THE PROBLEM => Make an exact copy of the records that follow, with each picture omitted.

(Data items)

┏━━

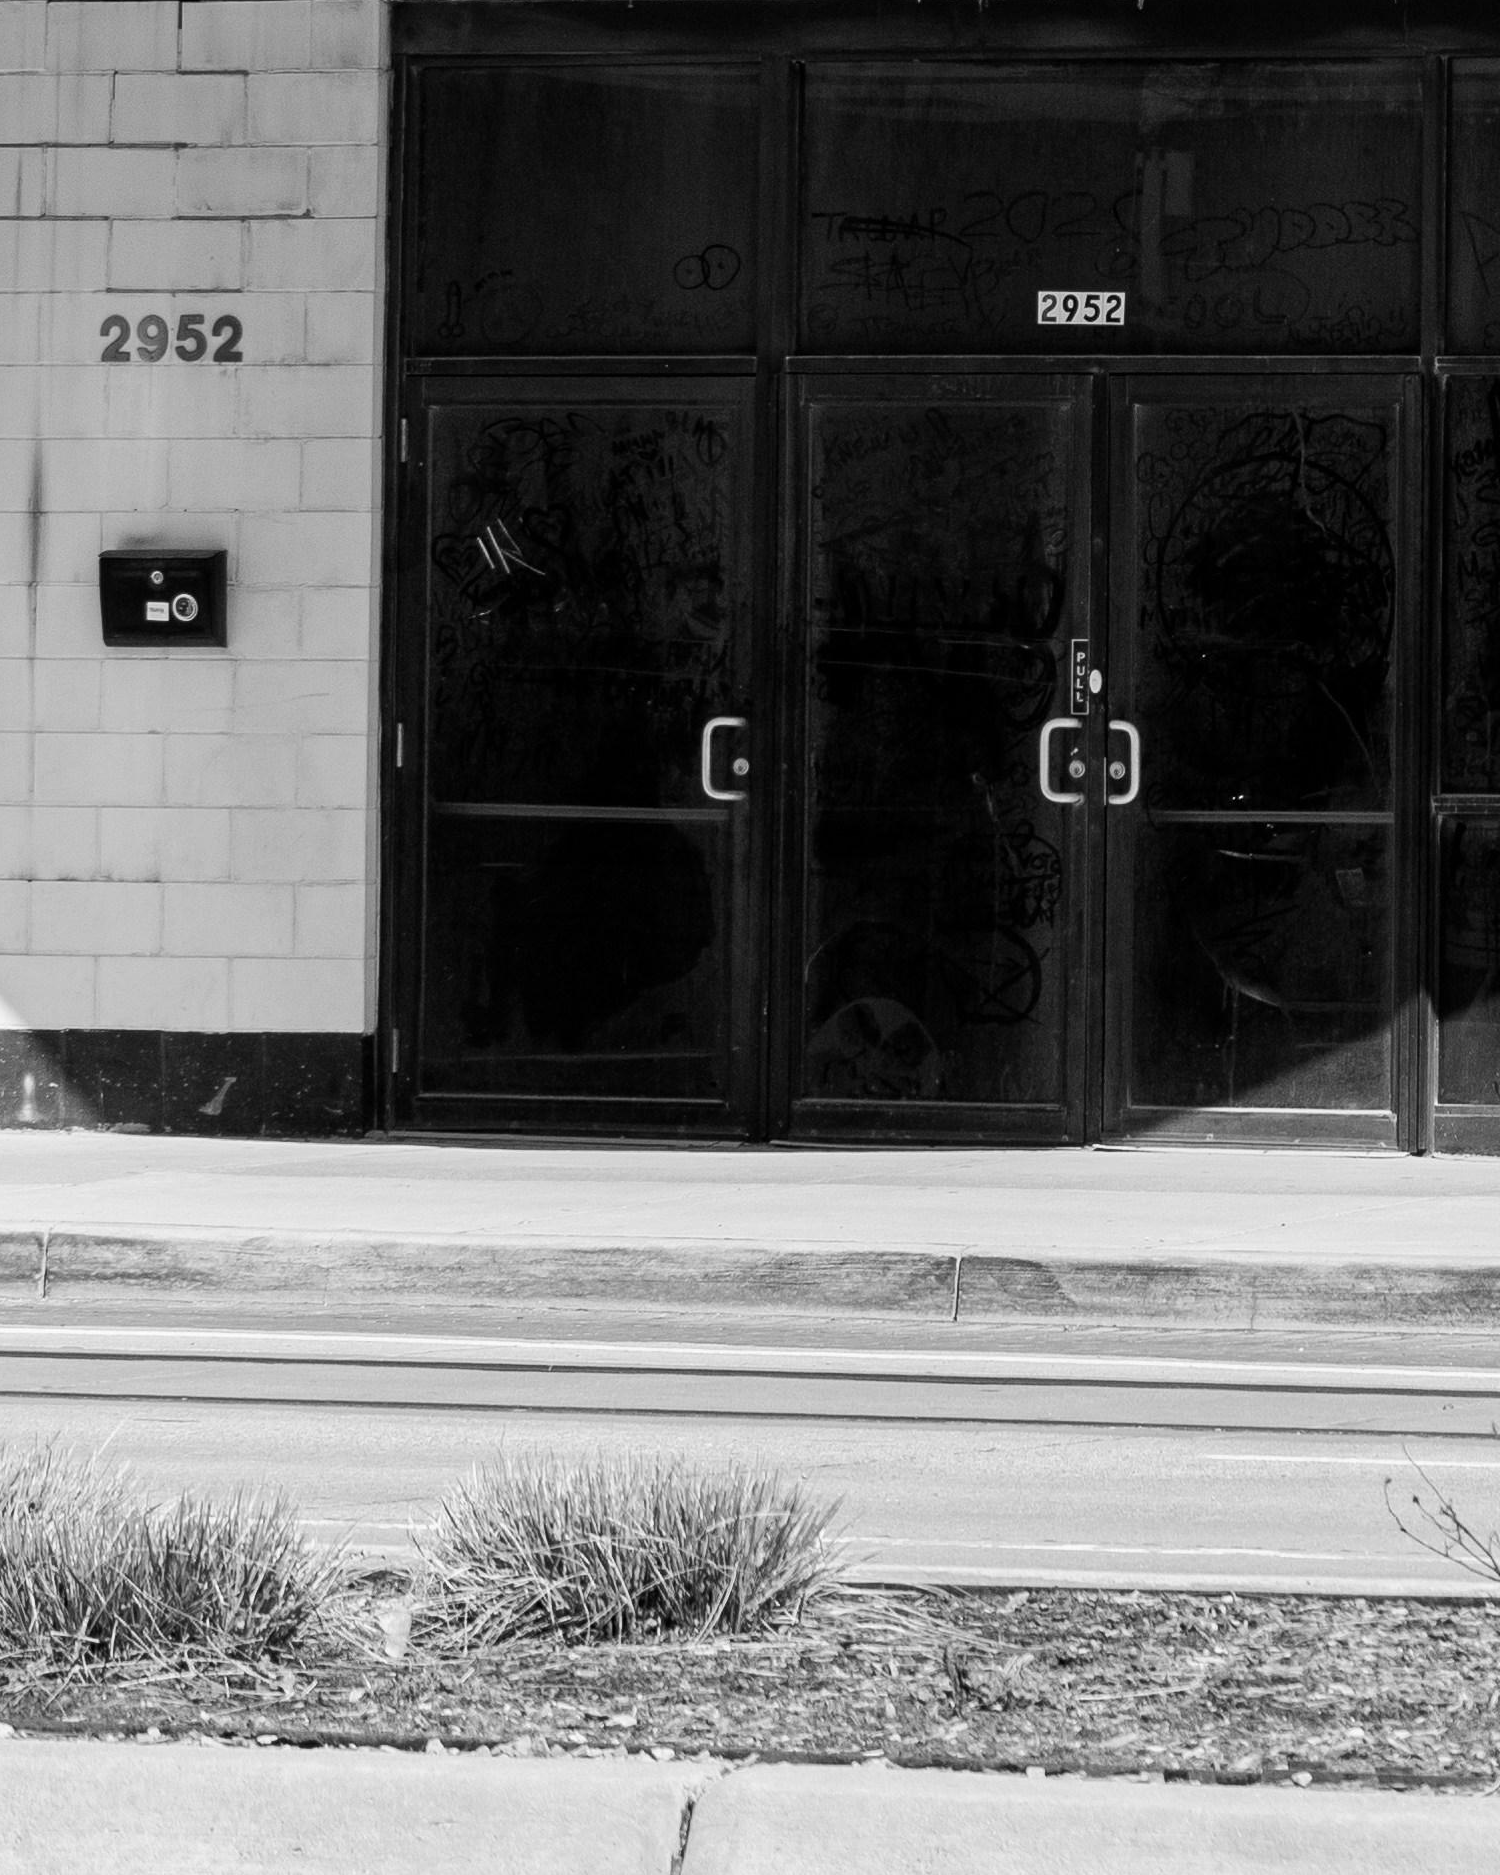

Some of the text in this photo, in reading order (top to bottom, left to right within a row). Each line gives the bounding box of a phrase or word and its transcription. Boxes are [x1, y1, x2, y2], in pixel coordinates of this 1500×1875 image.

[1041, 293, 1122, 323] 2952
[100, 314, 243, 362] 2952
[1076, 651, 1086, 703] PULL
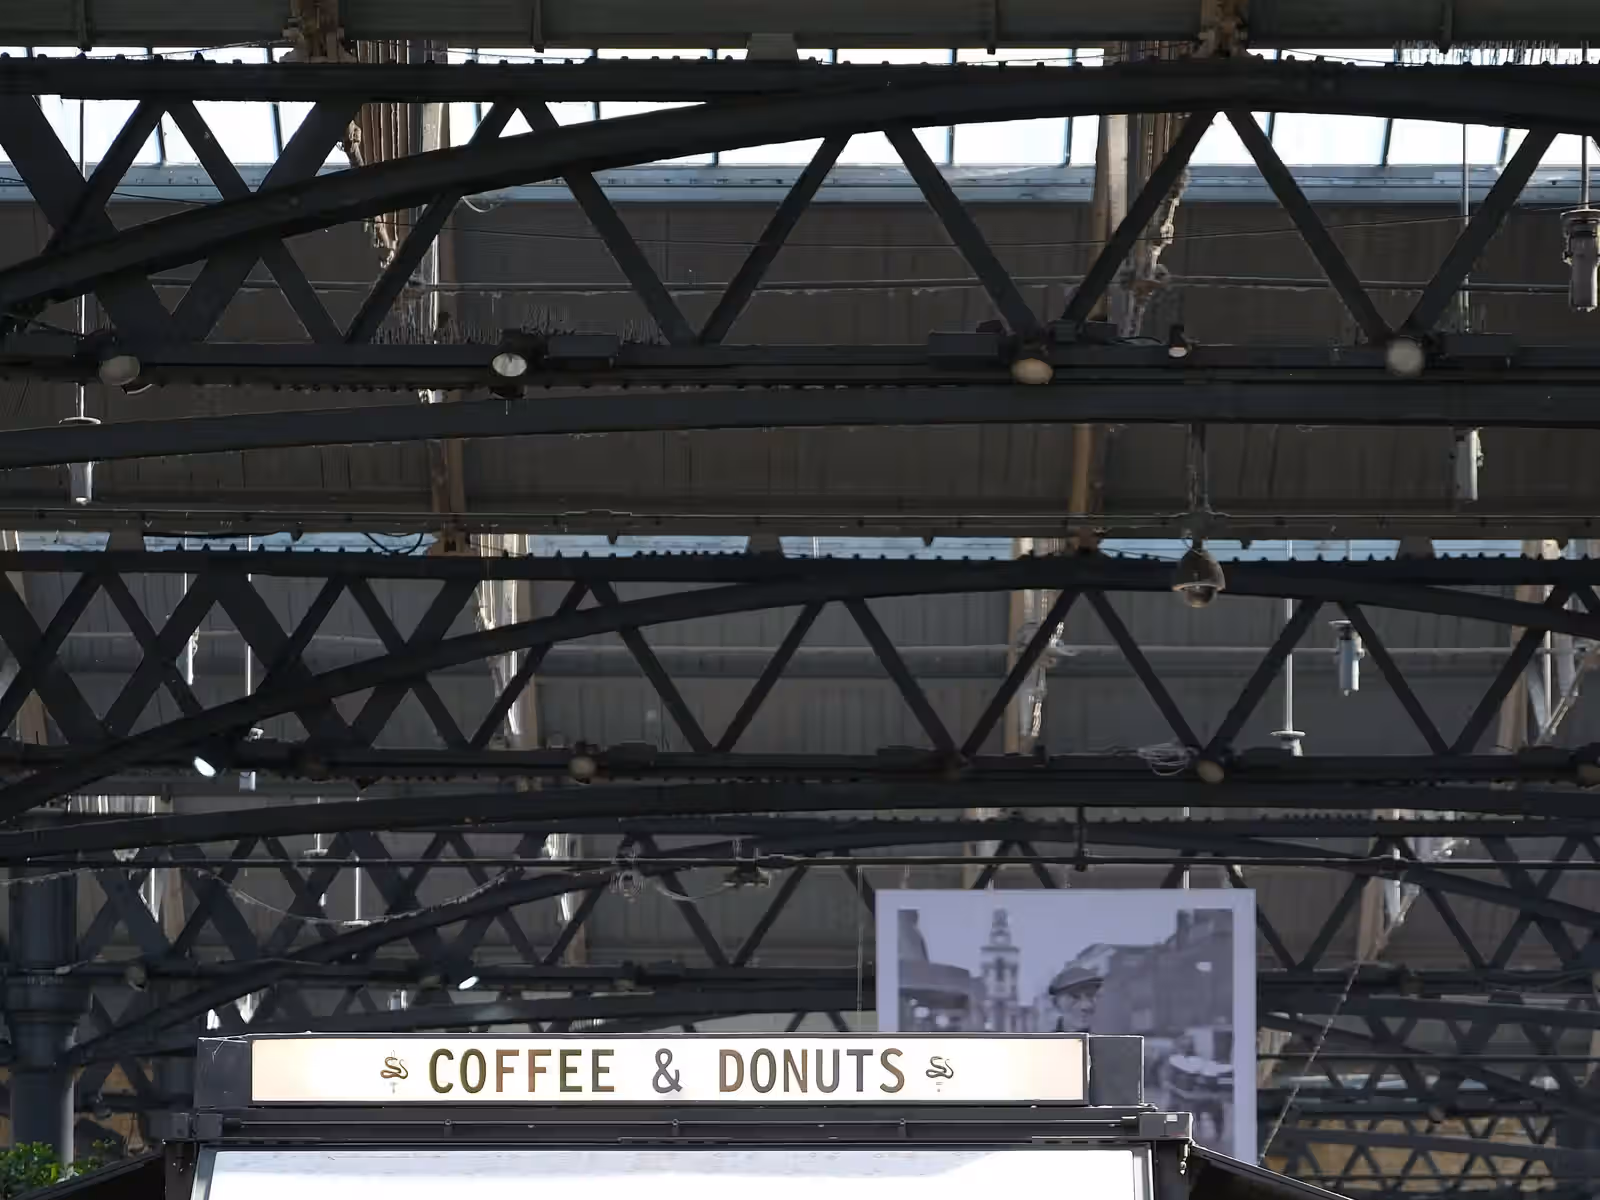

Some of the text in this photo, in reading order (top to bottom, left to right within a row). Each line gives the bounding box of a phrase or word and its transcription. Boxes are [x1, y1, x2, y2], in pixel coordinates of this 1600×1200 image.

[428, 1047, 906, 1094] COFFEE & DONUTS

┗━━

EXPECTED ANSWER =>
Some of the text in this photo, in reading order (top to bottom, left to right within a row). Each line gives the bounding box of a phrase or word and its transcription. Boxes are [x1, y1, x2, y2], in pixel coordinates of this 1500×1875 image.

[1041, 293, 1122, 323] 2952
[100, 314, 243, 362] 2952
[1076, 651, 1086, 703] PULL

Some of the text in this photo, in reading order (top to bottom, left to right within a row). Each line gives the bounding box of a phrase or word and its transcription. Boxes are [x1, y1, x2, y2], in pixel coordinates of this 1600×1200 image.

[428, 1047, 906, 1094] COFFEE & DONUTS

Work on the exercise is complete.